‘Thinner,’ the old Gypsy man with the rotting nose whispers to William Halleck as Halleck and his wife, Heidi, come out of the courthouse. Just that one word, sent on the wafting, cloying sweetness of his breath. ‘Thinner.’ And before Halleck can jerk away, the old Gypsy reaches out and caresses his cheek with one twisted finger. His lips spread open like a wound, showing a few tombstone stumps poking out of his gums. They are black and green. His tongue squirms between them and then slides out to slick his grinning, bitter lips.
This memory came back to Billy Halleck, fittingly enough, as he stood on the scales at seven in the morning with a towel wrapped around his middle. The good smells of bacon and eggs came up from downstairs. He had to crane forward slightly to read the numbers on the scale. Well… actually, he had to crane forward more than slightly. Actually he had to crane forward quite a lot. He was a big man. Too big, as Dr Houston delighted in telling him. In case no one ever told you, let me pass you the information, Houston had told him after his last checkup. A man your age, income, and habits enters heart-attack country a roughly age thirty-eight, Billy. You ought to take off some weight.
But this morning there was good news. He was down three pounds, from 249 to 246.
Well… the scale had actually read 251 the last time he’d had the courage to stand on it and take a good look but he’d had his pants on, and there had been some change in his pockets, not to mention his keyring and his Swiss army knife. And the upstairs bathroom scale weighed heavy. He was morally sure of it.
As a kid growing up in New York he’d heard Gypsies had the gift of prophecy.

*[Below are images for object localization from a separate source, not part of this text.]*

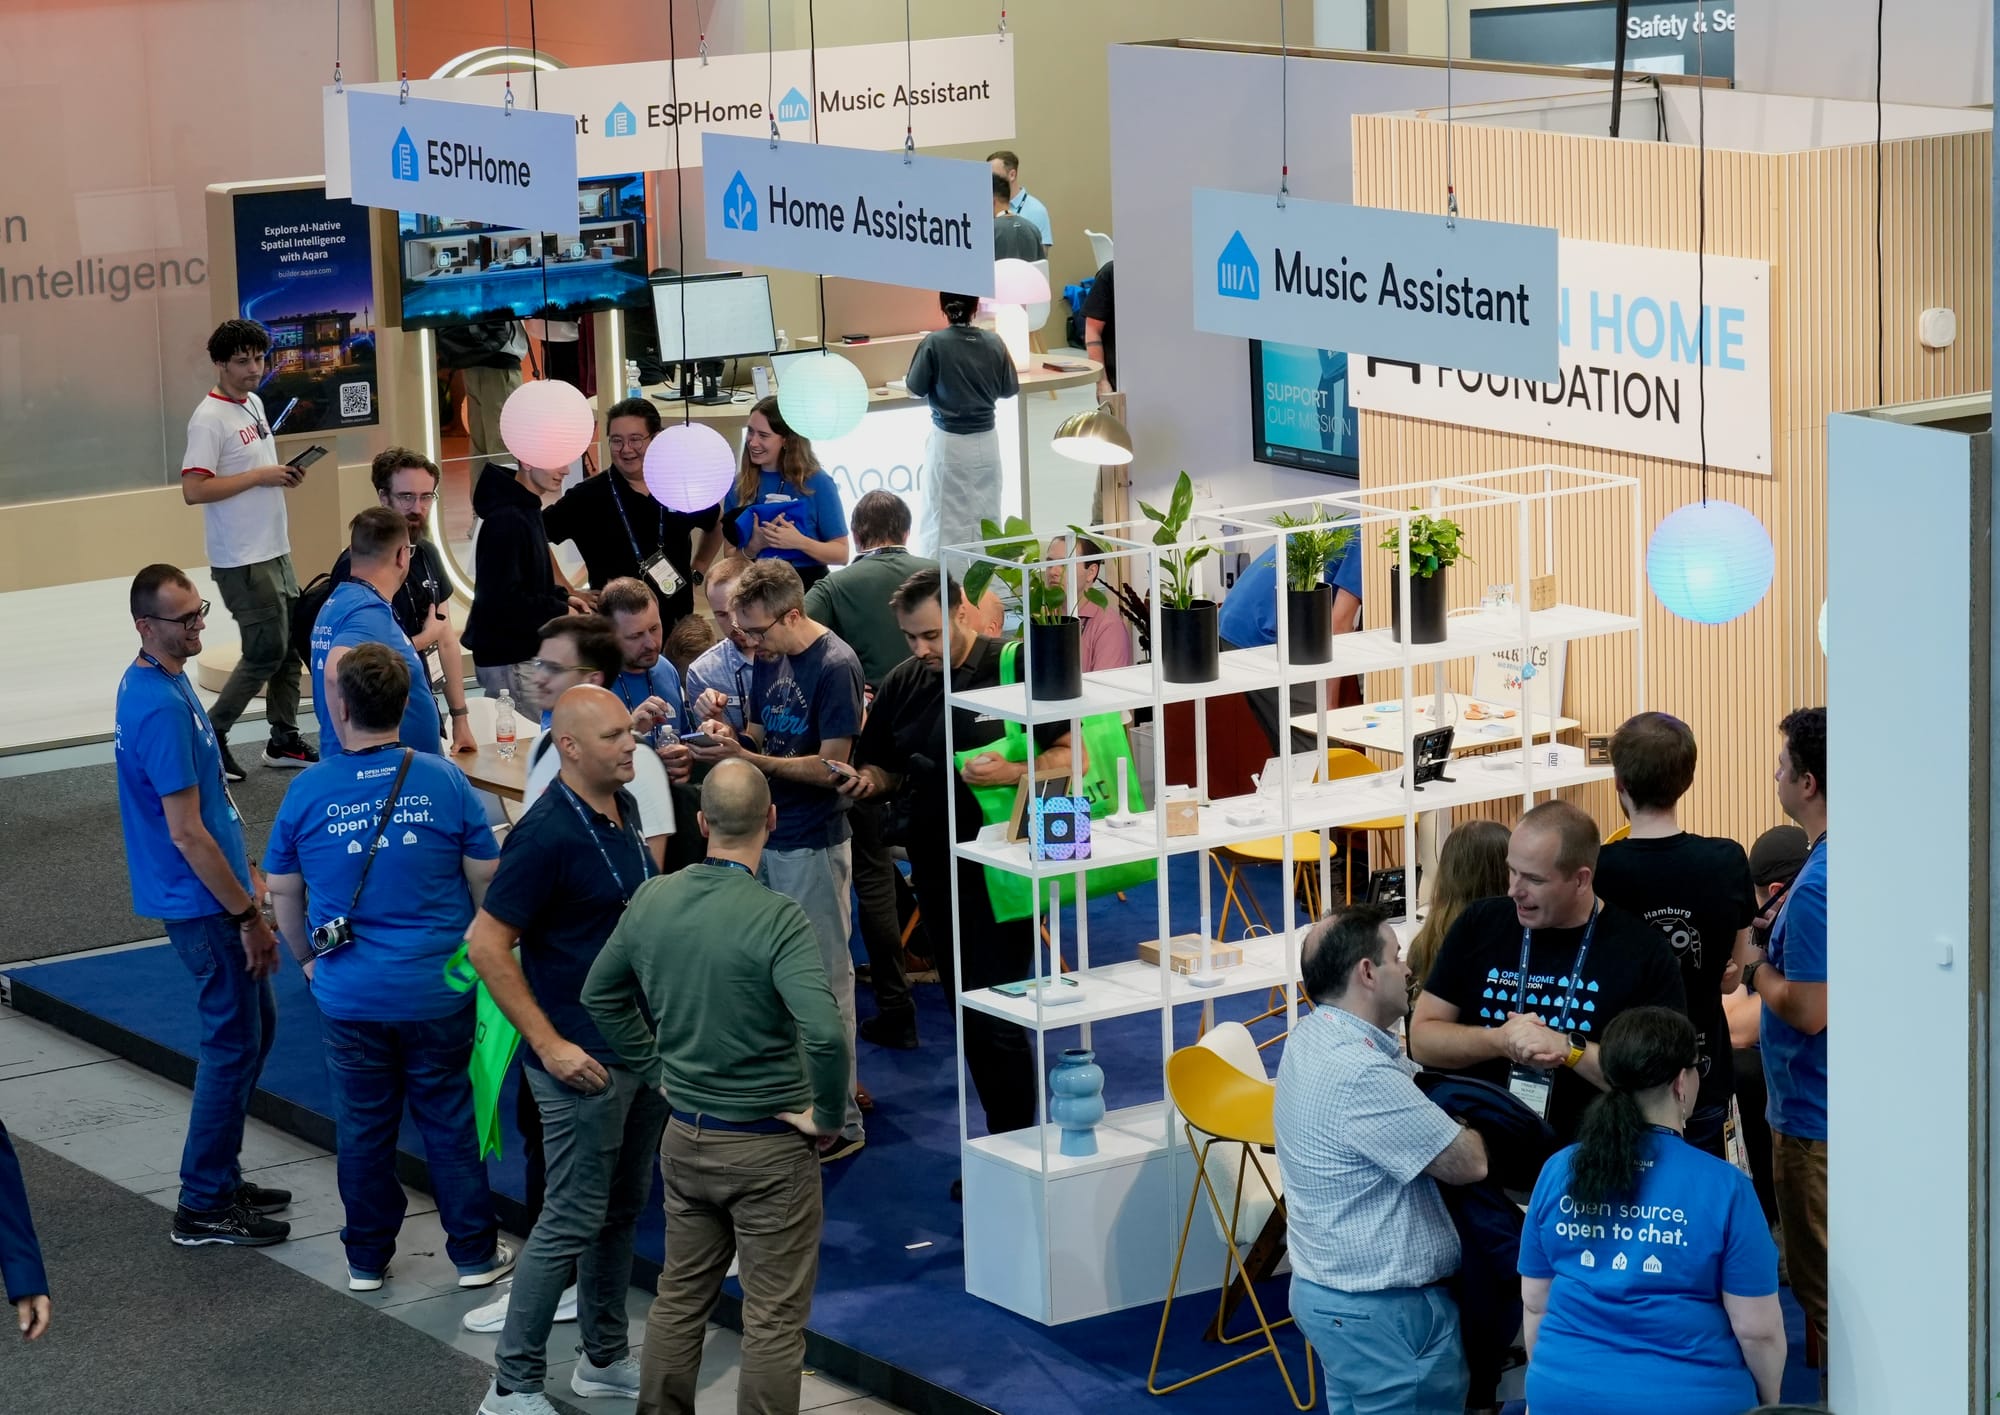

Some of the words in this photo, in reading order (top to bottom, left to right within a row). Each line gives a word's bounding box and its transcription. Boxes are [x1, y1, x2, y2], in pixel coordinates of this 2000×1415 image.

[1626, 14, 1688, 40] Safety
[1692, 11, 1708, 33] &
[647, 101, 762, 128] ESPHome
[820, 87, 885, 113] Music
[893, 79, 990, 107] Assistant
[427, 139, 531, 188] ESPHome
[264, 224, 298, 237] Explore
[299, 221, 341, 233] AI-Native
[769, 184, 845, 233] Home
[852, 195, 972, 250] Assistant
[261, 238, 292, 252] Spatial
[294, 235, 346, 247] Intelligence
[280, 252, 300, 263] with
[302, 250, 329, 261] Aqara
[1274, 247, 1367, 303] Music
[1377, 261, 1530, 326] Assistant
[1589, 290, 1746, 371] HOME
[1266, 382, 1328, 409] SUPPORT
[1267, 405, 1296, 425] OUR
[1299, 410, 1352, 437] MISSION
[326, 802, 371, 819] Open
[375, 795, 433, 810] surce,
[327, 819, 369, 837] open
[393, 809, 434, 824] chat.
[1643, 906, 1692, 920] Hamburg
[1499, 978, 1544, 990] FOUNTION
[1528, 975, 1556, 985] HOME
[1559, 1194, 1612, 1219] Open
[1619, 1203, 1689, 1226] source,
[1555, 1221, 1605, 1241] open
[1612, 1223, 1634, 1241] to
[1638, 1223, 1689, 1248] chat.

Maybe this was the proof. He tried to laugh and could only raise a small and not very successful smile; it was still too early to laugh about Gypsies. Time would
pass and things would come into perspective; he was old enough to know that. But for now he still felt sick to his too-large stomach at the thought of Gypsies, and hoped heartily he would never see another in his life. From now on he would pass on the palm-reading at parties and stick to the Ouija board. If that.
‘Billy?’ From downstairs.
He dressed, noting with an almost subliminal distress that in spite of the three-pound drop the waist of his pants was getting tight again. His waist size was forty-two now. He had quit smoking at exactly 12:01 on New Year’s Day, but he had paid. Oh, boy, had he paid. He went downstairs with his collar open and his tie lying around his neck. Linda, his fourteen-year-old daughter, was just going out the door in a flirt of skirt and a flip of her pony-tail, tied this morning with a sexy velvet ribbon. Her books were under one arm. Two gaudy cheerleader’s pom-poms, purple and white, rustled busily in her other hand.
‘Have a good day, Lin.’
He sat down at the table, grabbed The Wall Street Journal.
‘Lover,’ Heidi said.
‘My dear,’ he said grandly, and turned the Journal facedown beside the lazy Susan.
She put breakfast in front of him: a steaming mound of scrambled eggs, an English muffin with raisins, five strips of crisp country-style bacon. Good eats. She slipped into the seat opposite him in the breakfast nook and lit a Vantage 100. January and February had been tense – too many ‘discussions’ that were only disguised arguments, too many nights they had finished sleeping back to back.